Mendengar ucapan Yasmine barusan tampaknya membuat bocah perempuan itu tidak senang dan ingin mendorongnya. Namun sebelum terjadi, pria yang berada di belakang mereka segera berdiri di tengah keduanya.
"Bolehkah Paman memainkannya? Boneka mana yang kalian inginkan?" tanya pria itu menatap kedua bocah perempuan di sampingnya secara bergantian.

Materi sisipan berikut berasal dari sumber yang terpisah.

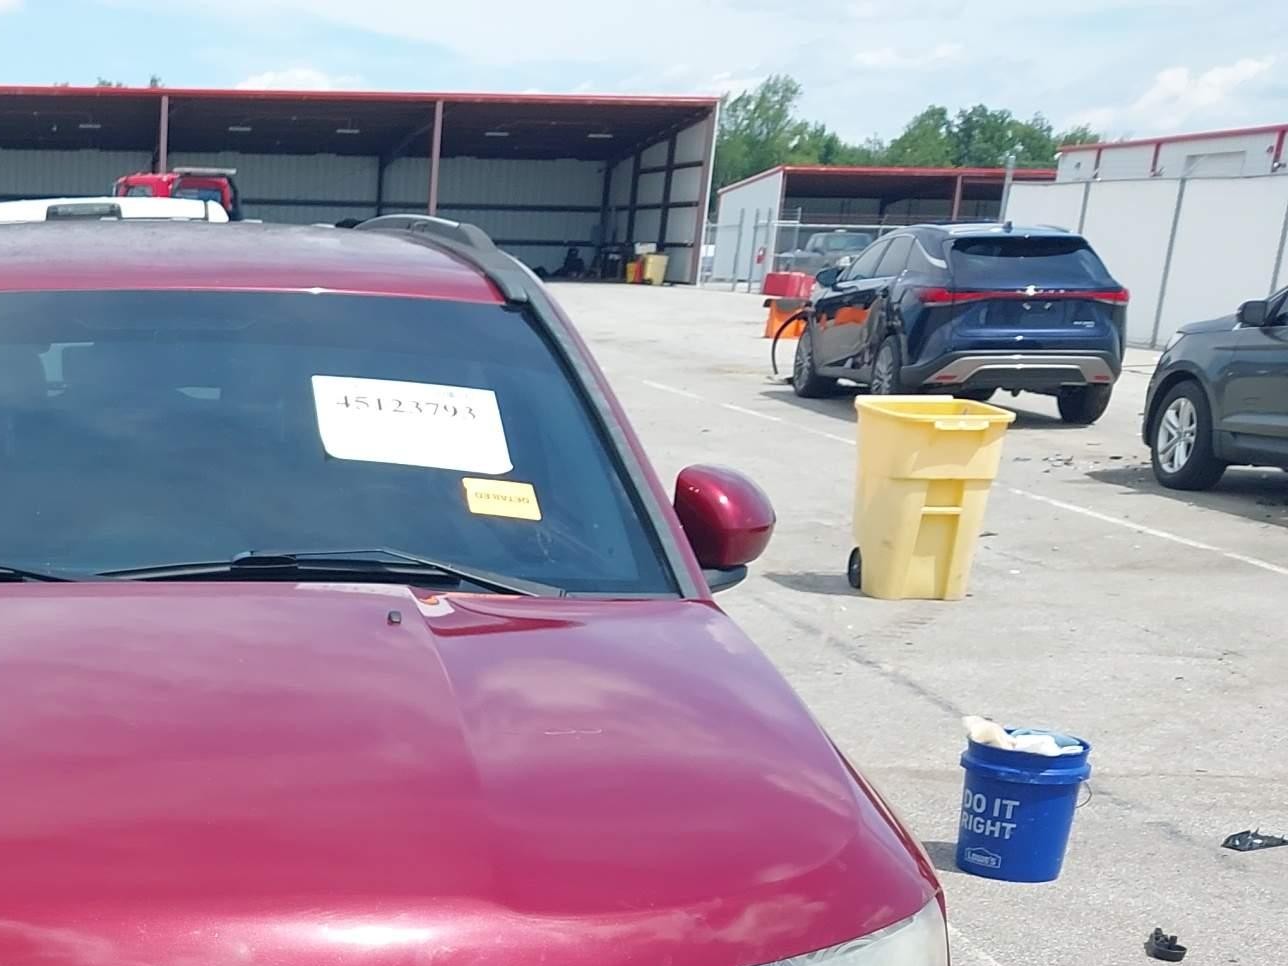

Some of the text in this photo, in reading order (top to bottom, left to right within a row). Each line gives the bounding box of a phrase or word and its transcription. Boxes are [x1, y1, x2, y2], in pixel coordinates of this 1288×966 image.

[964, 788, 1020, 820] DO IT
[962, 811, 1017, 840] RIGHT
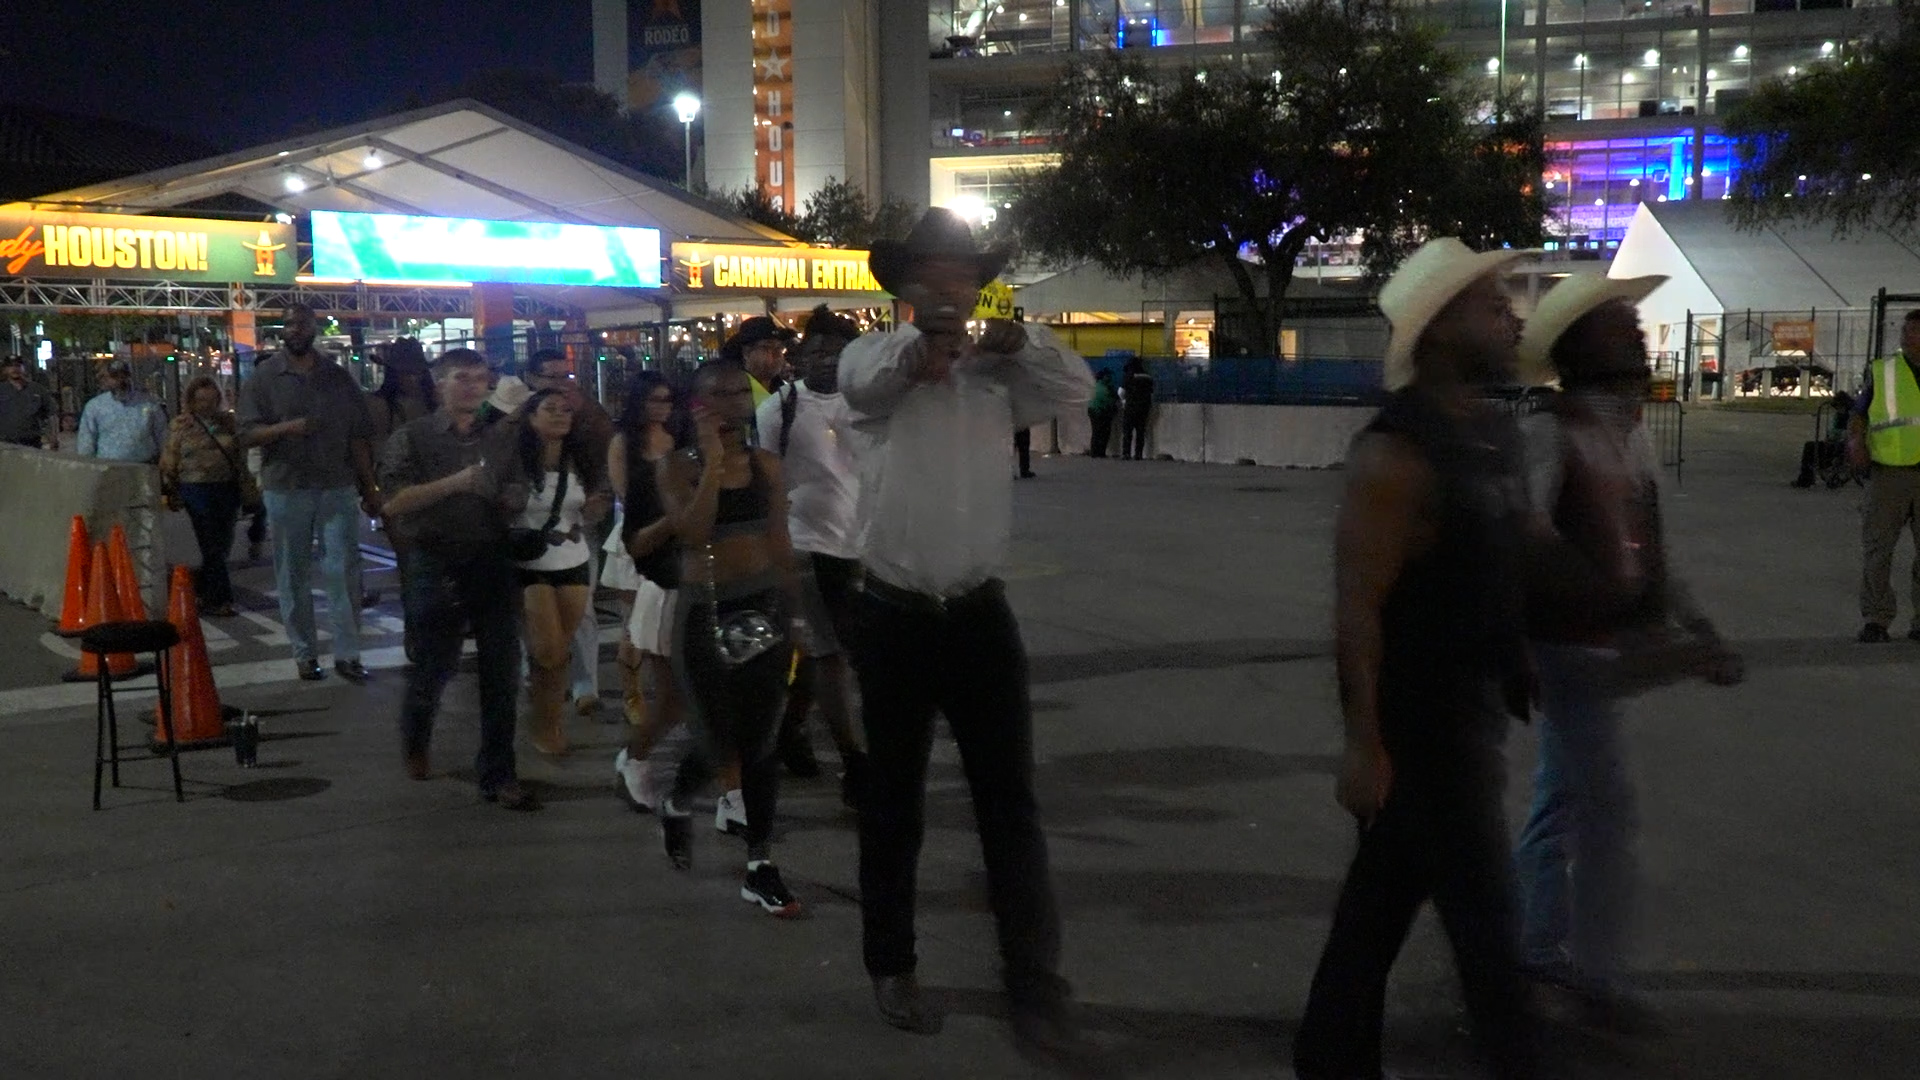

Tanpa menunggu jawaban, pria itu mengeluarkan selembar uang dari dompet, lalu memasukkannya ke tempat uang di mesin capit. Tangan capit bergerak ke sisi kanan, berhenti sejenak di antara boneka Pikachu dan boneka gurita. "Apa yang akan kamu berikan jika aku berhasil menangkap boneka yang kamu inginkan?" tanya pria tersebut menatap Yasmine lewat senyum manisnya.
Yasmine mulai mengamati si pria berjaket kulit dengan pandangan menyelidik. Sesekali matanya menyoroti sepatu boot cokelat yang berlumpur di setiap sisi. Bagpack hitam yang cukup besar untuk memasukkan seorang anak. Hal itu justru membuatnya tersenyum prihatin dengan keadaan pria tersebut tampak lusuh dan terlihat percaya diri memandang ke arahnya.
"Aku akan meminta mamaku membuatkan setelan jas untukmu. Tentu saja jika Paman berhasil melakukannya," jawab Yasmine usai menyudahi pengamatannya.